### PROBLEM DESCRIPTION
Your answer must repeat all of the entries word for word, without any images.

Spatial localization data:
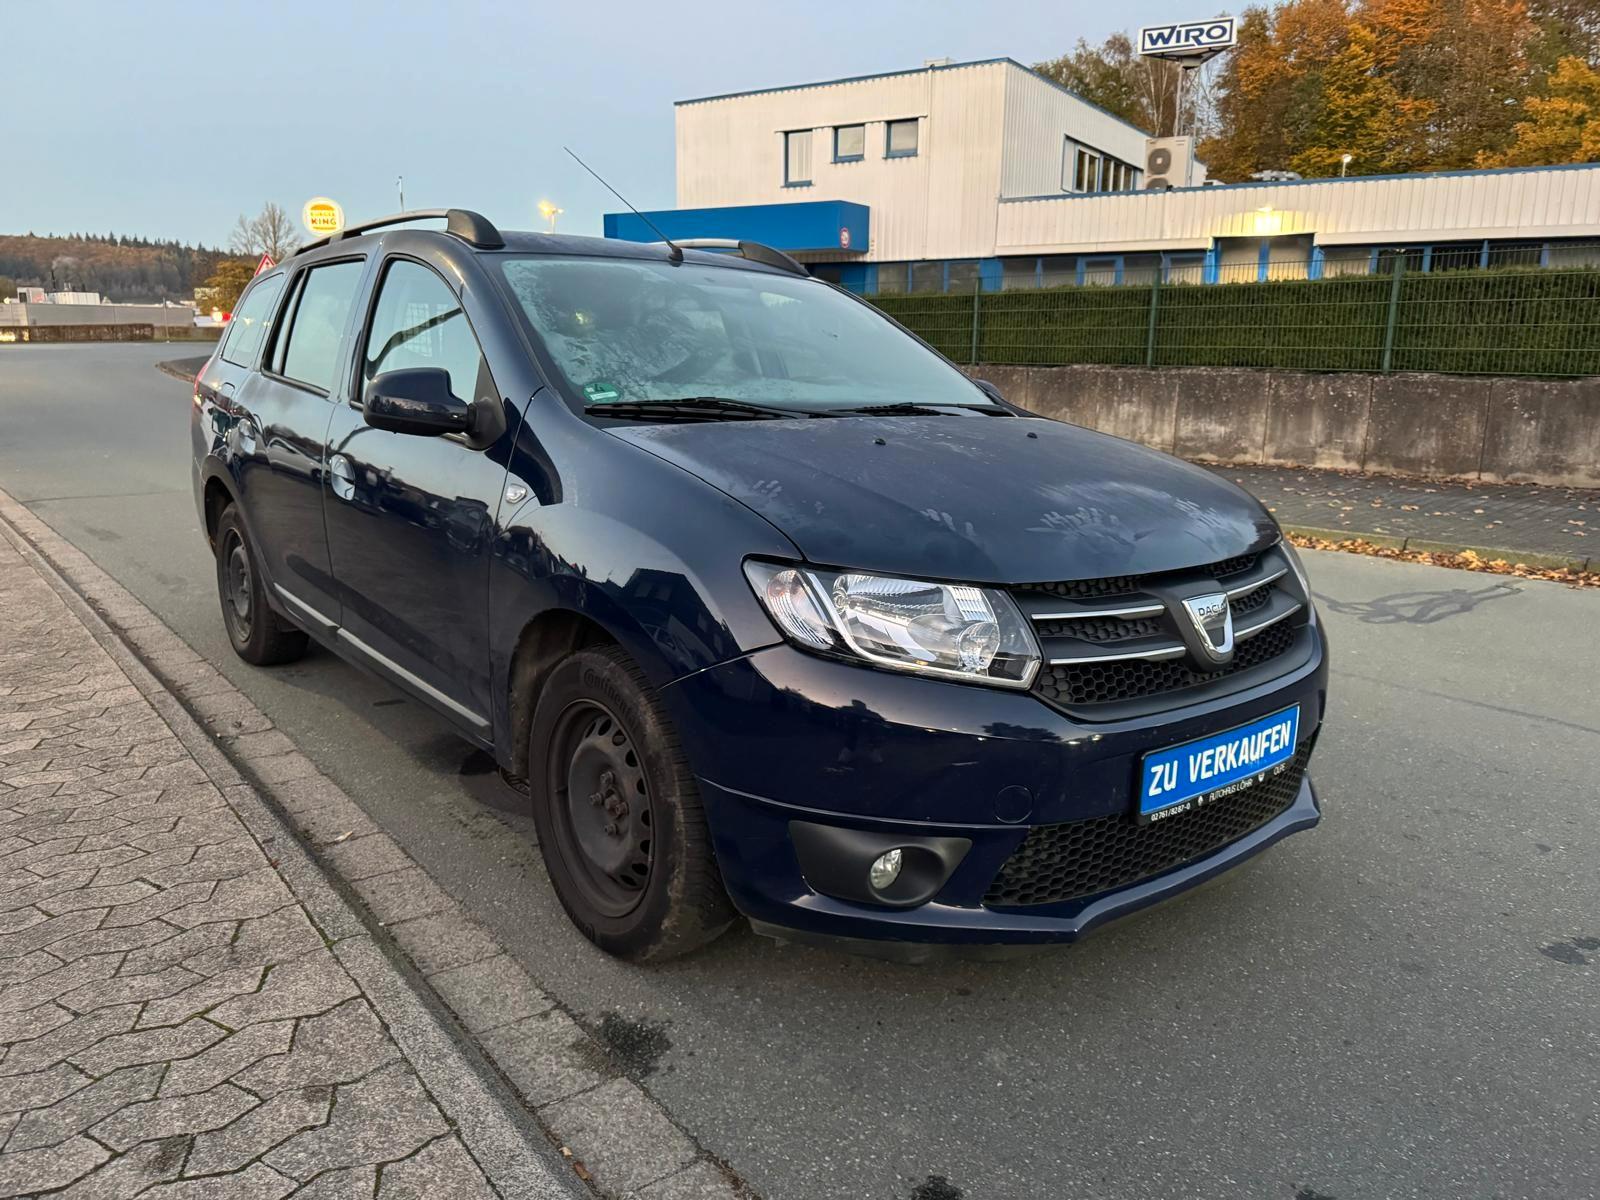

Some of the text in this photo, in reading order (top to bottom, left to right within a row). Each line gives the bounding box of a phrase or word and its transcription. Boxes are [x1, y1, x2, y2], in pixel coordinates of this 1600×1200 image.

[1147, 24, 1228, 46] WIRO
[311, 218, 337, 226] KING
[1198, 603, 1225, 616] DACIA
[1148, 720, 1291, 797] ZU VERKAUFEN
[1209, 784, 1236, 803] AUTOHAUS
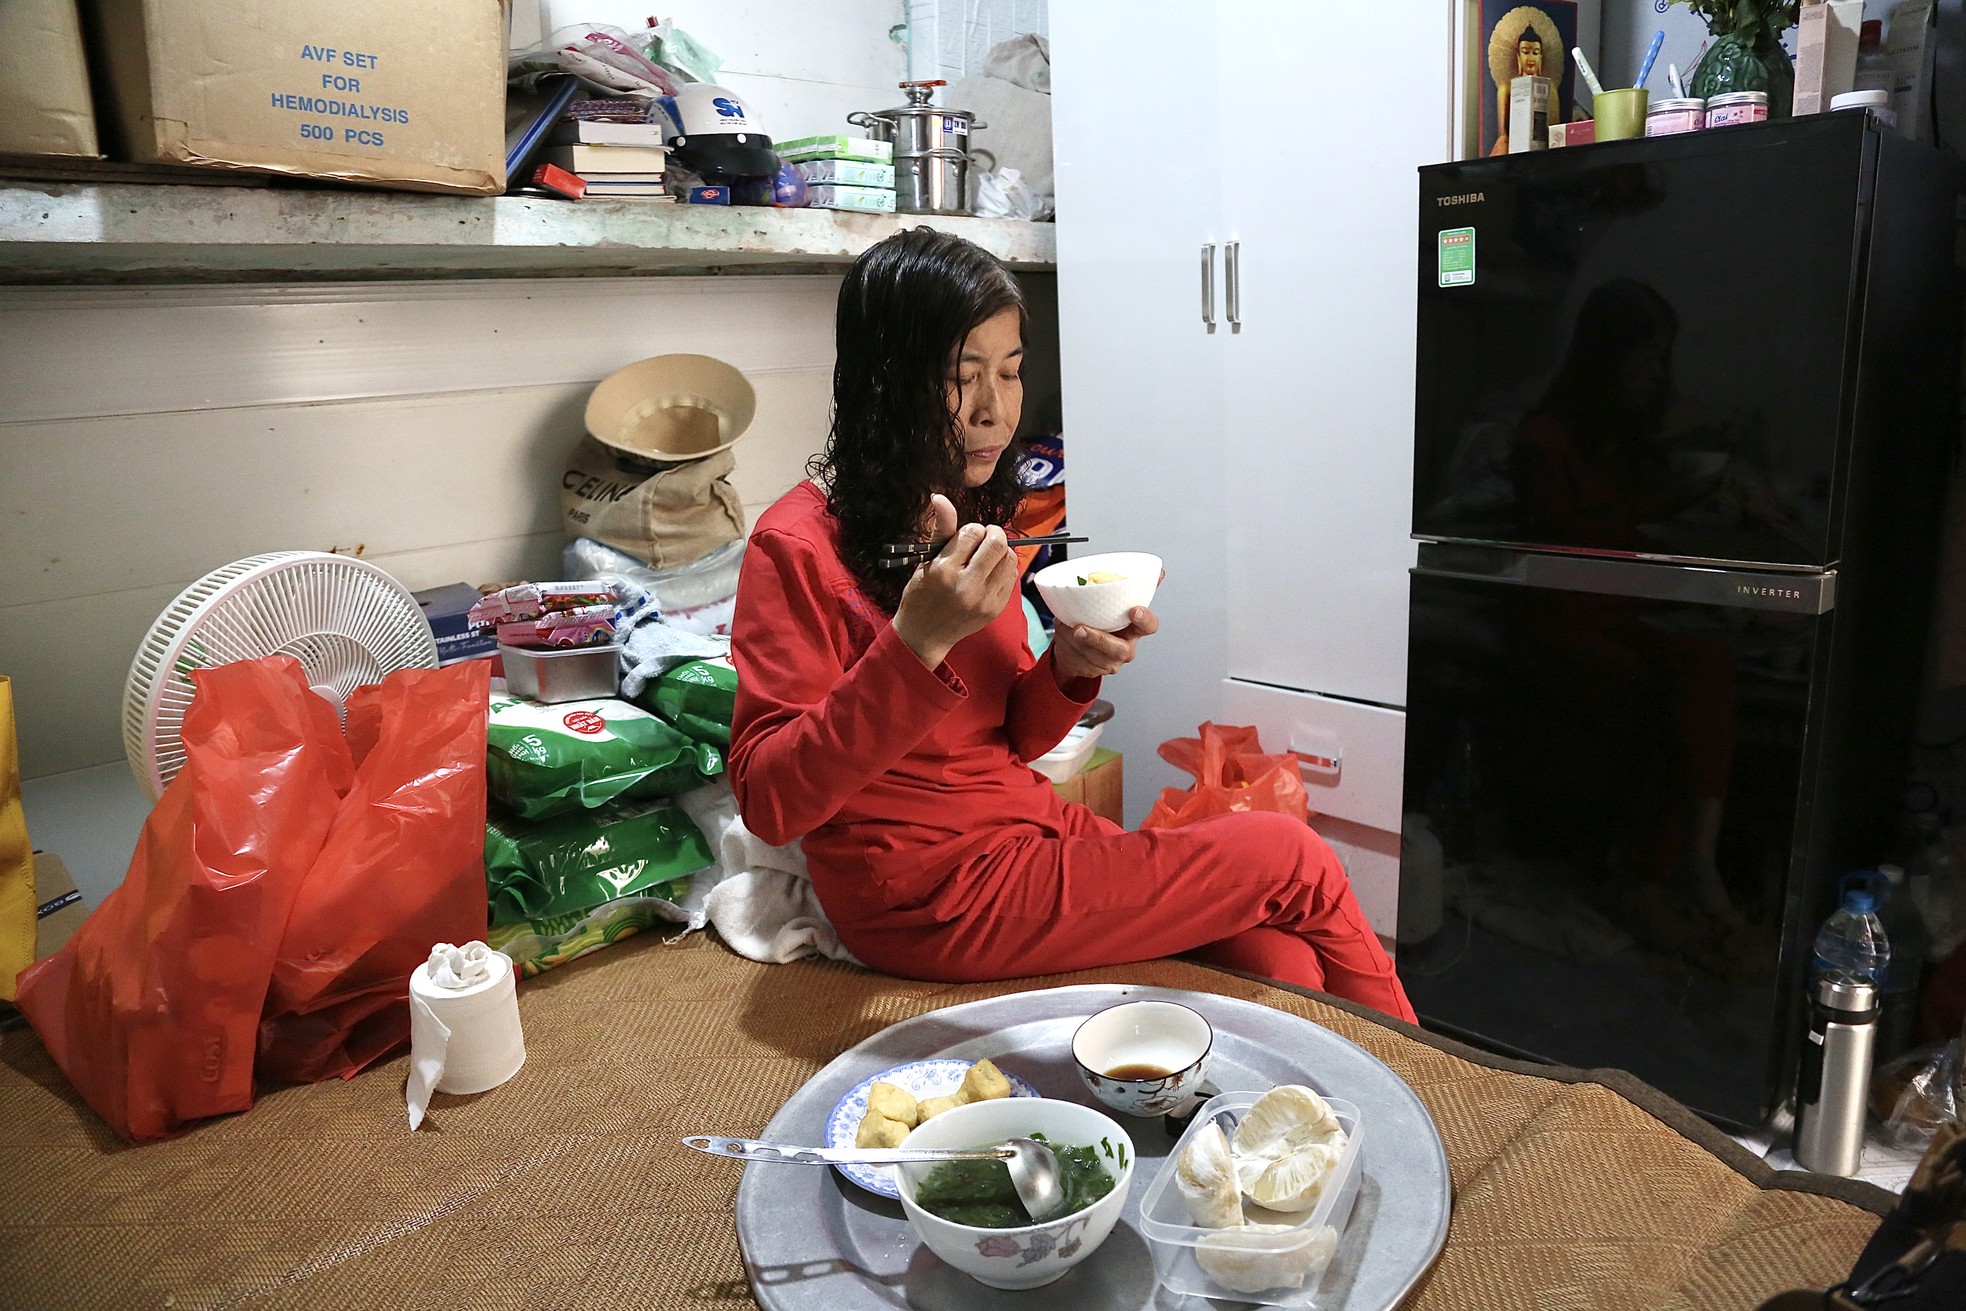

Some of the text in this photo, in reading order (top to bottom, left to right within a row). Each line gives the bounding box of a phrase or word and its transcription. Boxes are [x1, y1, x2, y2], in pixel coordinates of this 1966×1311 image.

### THE ANSWER
Some of the text in this photo, in reading order (top to bottom, left to right within a row). Each line gives the bounding box of a phrase or word and its transcription. Boxes are [x1, y1, x2, y2], in pixel coordinates of this 1600×1200 image.

[1147, 24, 1228, 46] WIRO
[311, 218, 337, 226] KING
[1198, 603, 1225, 616] DACIA
[1148, 720, 1291, 797] ZU VERKAUFEN
[1209, 784, 1236, 803] AUTOHAUS

Some of the text in this photo, in reading order (top to bottom, left to right within a row). Each line gives the bounding box of a phrase or word and its transcription. Boxes are [x1, y1, x2, y2], in pixel coordinates of this 1966×1311 image.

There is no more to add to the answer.